Esta homoestase sistêmica é possível na medida em que o sistema é autoregulativo, i.e., é dotado de condições de calibrar suas incongruências por meio do processamento de informações recebidas a partir do macroambiente no qual está inserido, o que, por seu turno, torna necessária a autopoiese deste mesmo sistema, é dizer, traz a indispensabilidade de o próprio sistema criar suas regras de renovação estrutural. Referindo- se à noção fundamental de sistema, Paulo de Barros de Carvalho (2005, p. 132) aduz:

Surpreendido no seu significado de base, o sistema aparece como o objeto formado de porções que se vinculam debaixo de um princípio unitário ou como a composição de partes orientadas por um vetor comum. Onde houver um conjunto de elementos relacionados entre si e aglutinados perante uma referência determinada, teremos a noção fundamental de sistema.

Prosseguindo no enfrentamento da noção de sistema, o professor paulista classifica os sistemas em reais e proposicionais (2005, p. 134 e ss.). Os primeiros, os sistemas reais, seriam compostos por objetos do mundo físico e social, i.e., no mundo sensível e, portanto, perceptíveis pela experiência, pelos sentidos humanos; enquanto que um sistema proposicional corresponderia a um sistema de proposições de linguagem.
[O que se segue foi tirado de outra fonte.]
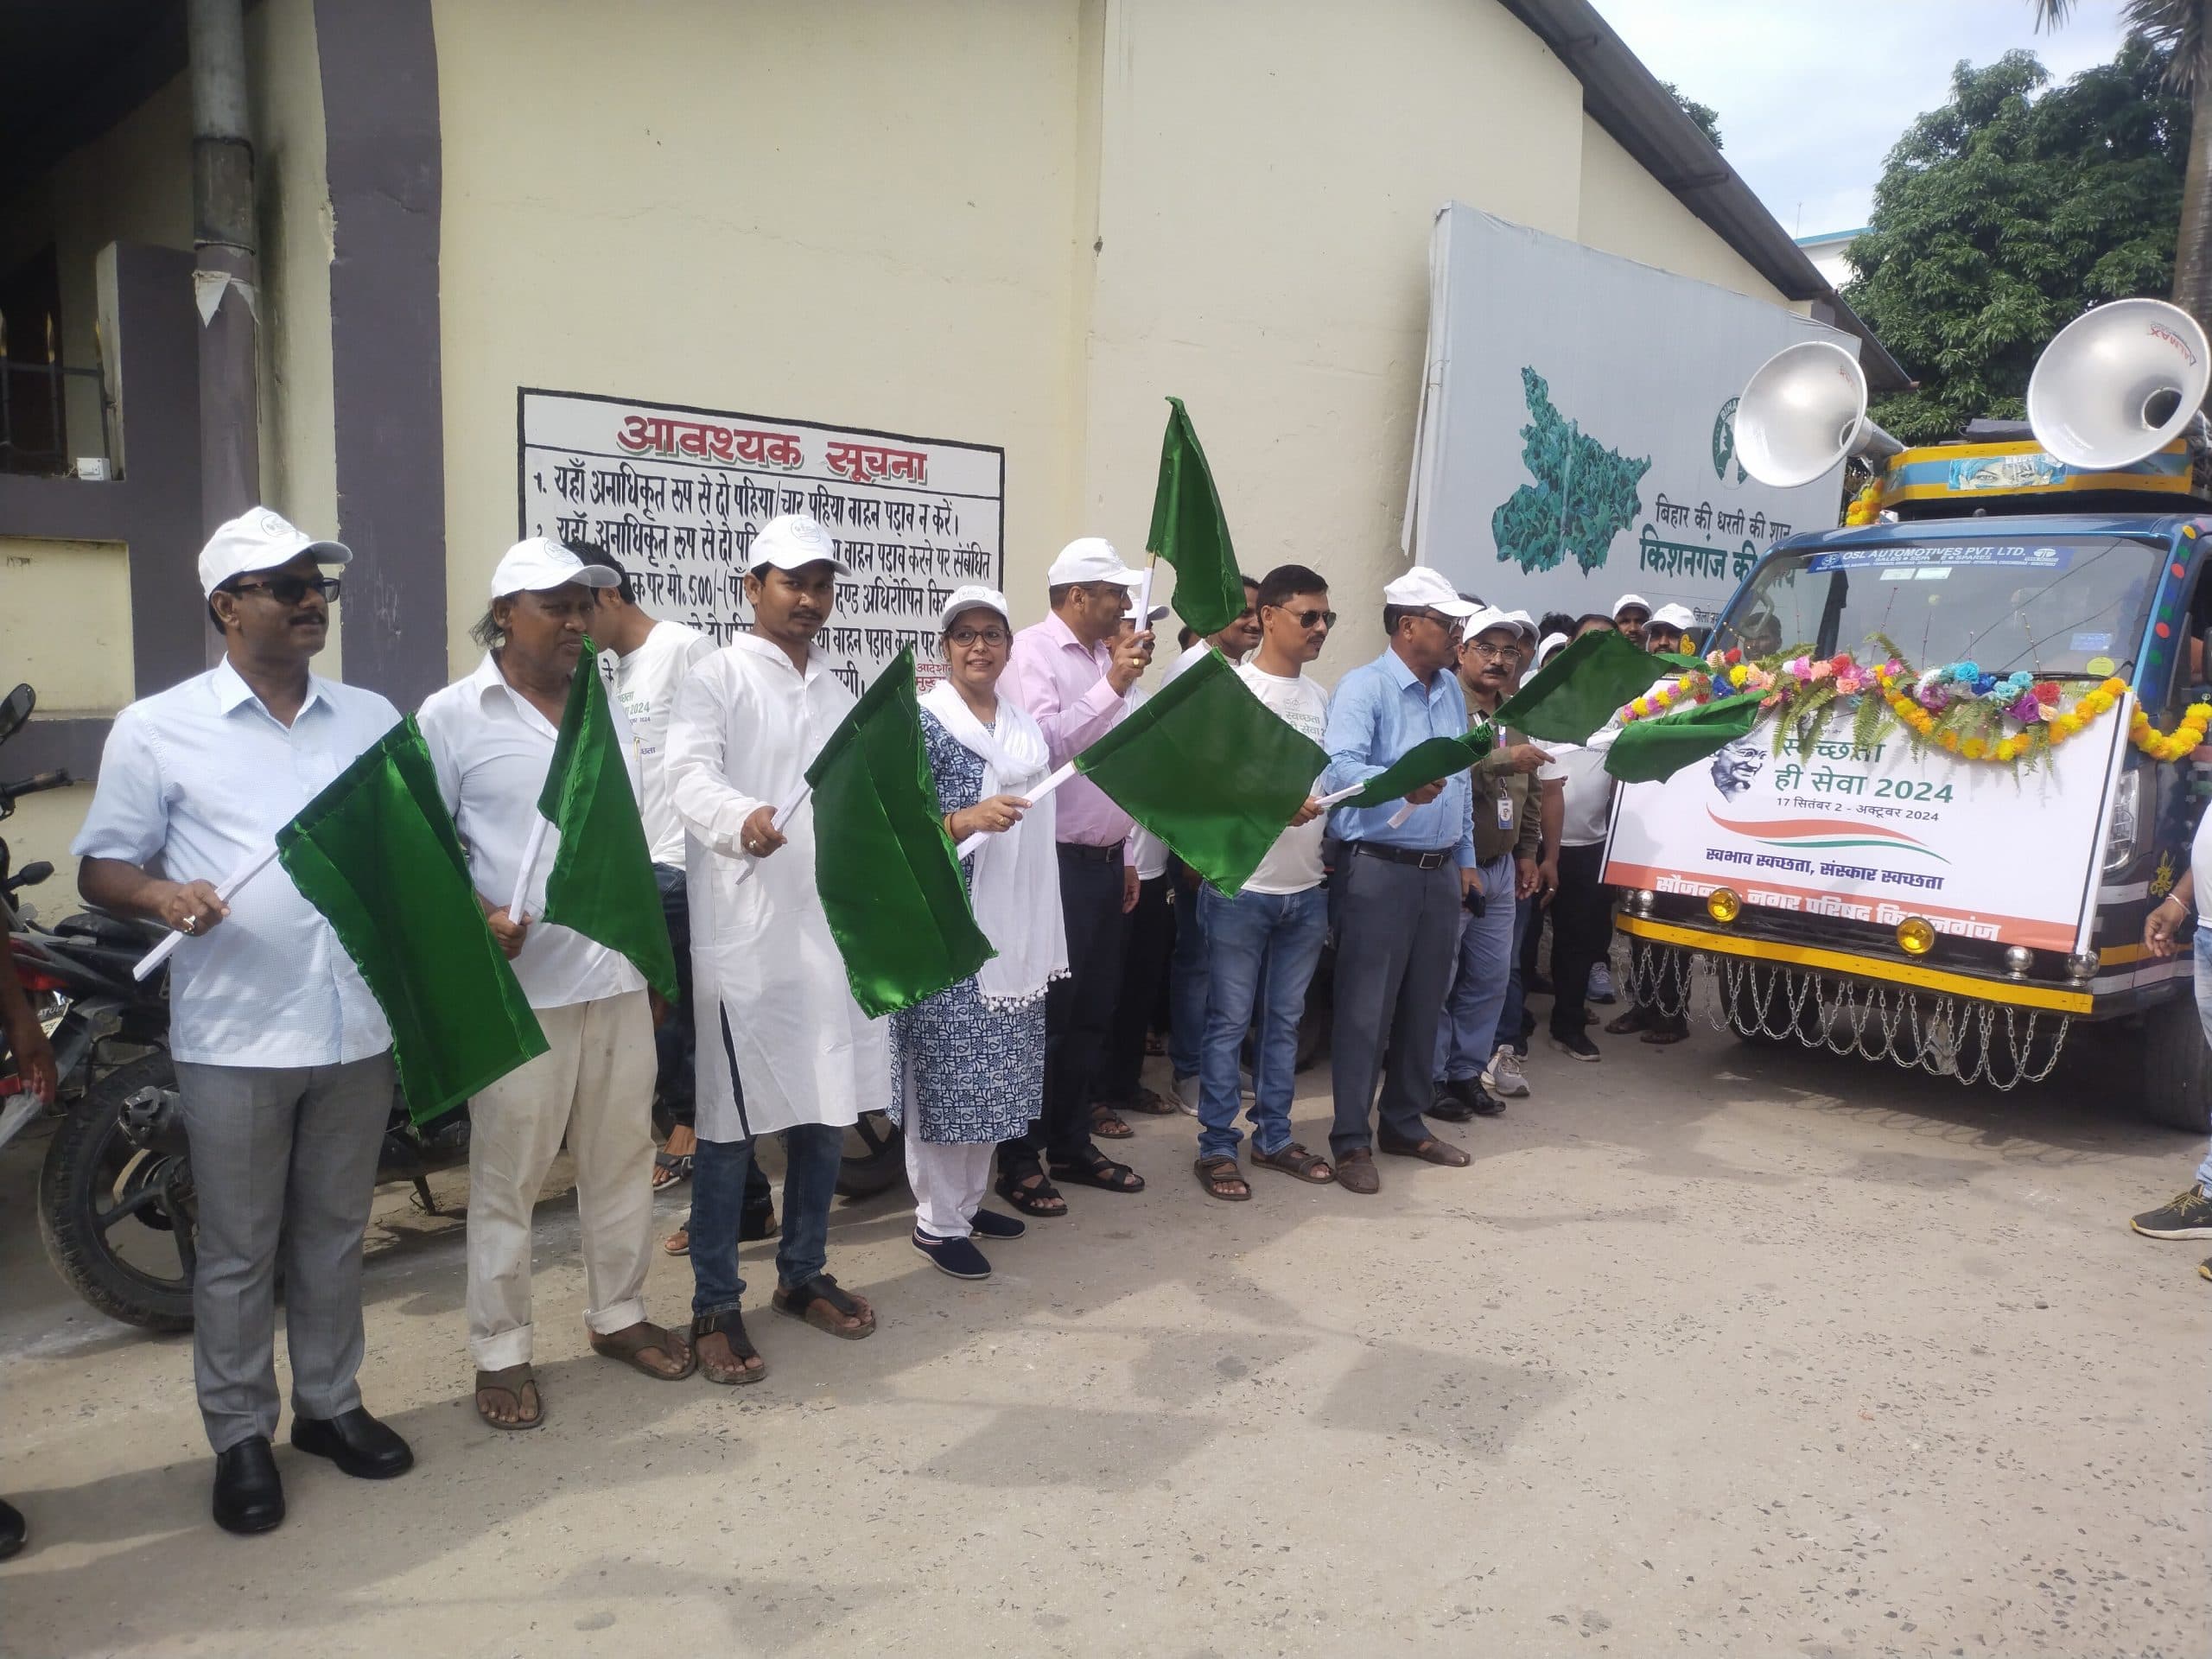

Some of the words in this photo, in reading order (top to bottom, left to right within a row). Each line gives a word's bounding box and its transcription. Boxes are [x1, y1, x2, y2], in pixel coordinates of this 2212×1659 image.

[618, 416, 802, 465] आवश्यक
[826, 442, 928, 482] सूचना
[554, 458, 586, 505] यहाँ
[671, 479, 694, 513] रूप
[698, 474, 713, 516] से
[715, 473, 731, 520] दो
[808, 484, 844, 527] पहिया
[848, 498, 880, 531] वाहन
[884, 501, 914, 537] पड़ाव
[918, 504, 930, 534] न
[1656, 493, 1690, 529] बिहार
[1694, 501, 1713, 531] की
[1718, 508, 1745, 535] धरती
[1749, 512, 1765, 539] की
[673, 525, 696, 560] रूप
[700, 519, 715, 562] से
[717, 521, 733, 566] दो
[844, 540, 874, 573] वाहन
[877, 543, 907, 578] पड़ाव
[909, 539, 934, 576] करने
[936, 549, 950, 577] पर
[952, 541, 992, 580] संबंधित
[1843, 551, 1866, 560] OSL
[1868, 547, 1962, 558] AUTOMOTIVES
[645, 572, 664, 606] पर
[862, 576, 925, 617] अधिरोपित
[832, 627, 862, 658] वाहन
[864, 629, 893, 665] पड़ाव
[920, 631, 936, 658] पर
[1775, 764, 1804, 791] ही
[1811, 766, 1868, 796] सेवा
[1874, 779, 1954, 804] 2024
[1777, 798, 1790, 806] 17
[1835, 803, 1842, 811] 2
[1905, 810, 1939, 821] 2024
[1706, 848, 1753, 865] स्वभाव
[1756, 855, 1815, 875] स्वच्छता,
[1820, 860, 1878, 881] संस्कार
[1881, 869, 1944, 890] स्वच्छता
[1747, 888, 1803, 910] नगर
[1805, 895, 1873, 921] परिषद
Estes sistemas proposicionais seriam subdivididos em sistemas nomológicos e nomoempíricos. Os sistemas nomológicos têm como partes, elementos puramente ideais, enquanto que os sistemas nomoempíricos têm composição com elementos que têm interface com a realidade. Os sistemas nomoempíricos por seu turno subdividir-se-iam em descritivos e prescritivos. No âmbito dos sistemas puramente descritivos incluir-se-iam os sistemas de enunciados científicos, e no âmbito dos sistemas prescritivos, os sistemas de direcionamento de condutas sociais.

Assim, com arrimo na acurada exposição acima mencionada, há que se ter a cautela de considerar que ao enfrentar a temática do sistema, há de se definir de antemão, se está sendo enfrentado o sistema nomoempírico descritivo ou o sistema nomoempírico

prescritivo do direito, pois, num e noutro casos as metodologias podem ser diametralmente opostas. Veja as considerações do mestre paulista:

O direito positivo é um sistema nomoempírico prescritivo, onde a racionalidade do homem é empregada com objetivos diretivos e vazada em linguagem técnica. A ciência que o descreve, todavia, mostra-se também um sistema nomoempírico, mas teorético ou declarativo, vertido em linguagem que se propõe ser eminentemente científica (CARVALHO, 2005, p. 137).

Do exposto tem-se que o sistema jurídico do direito positivo é o conjunto, perene e equilibrado, denotativo de unidade ordenada, composto por enunciados prescritivos – repertório – e pelas relações entre estes enunciados denominadas – estrutura – (FERRAZ JÚNIOR, 2003, p. 249 e ss.); sendo que o processo de produção e reprodução dos elementos sistêmicos, a unidade, a ordenação e a homoestase sistêmica são estabelecidas por auto- regulação, e é neste sistema que estão alocados os enunciados prescritivos veiculadores dos direitos fundamentais.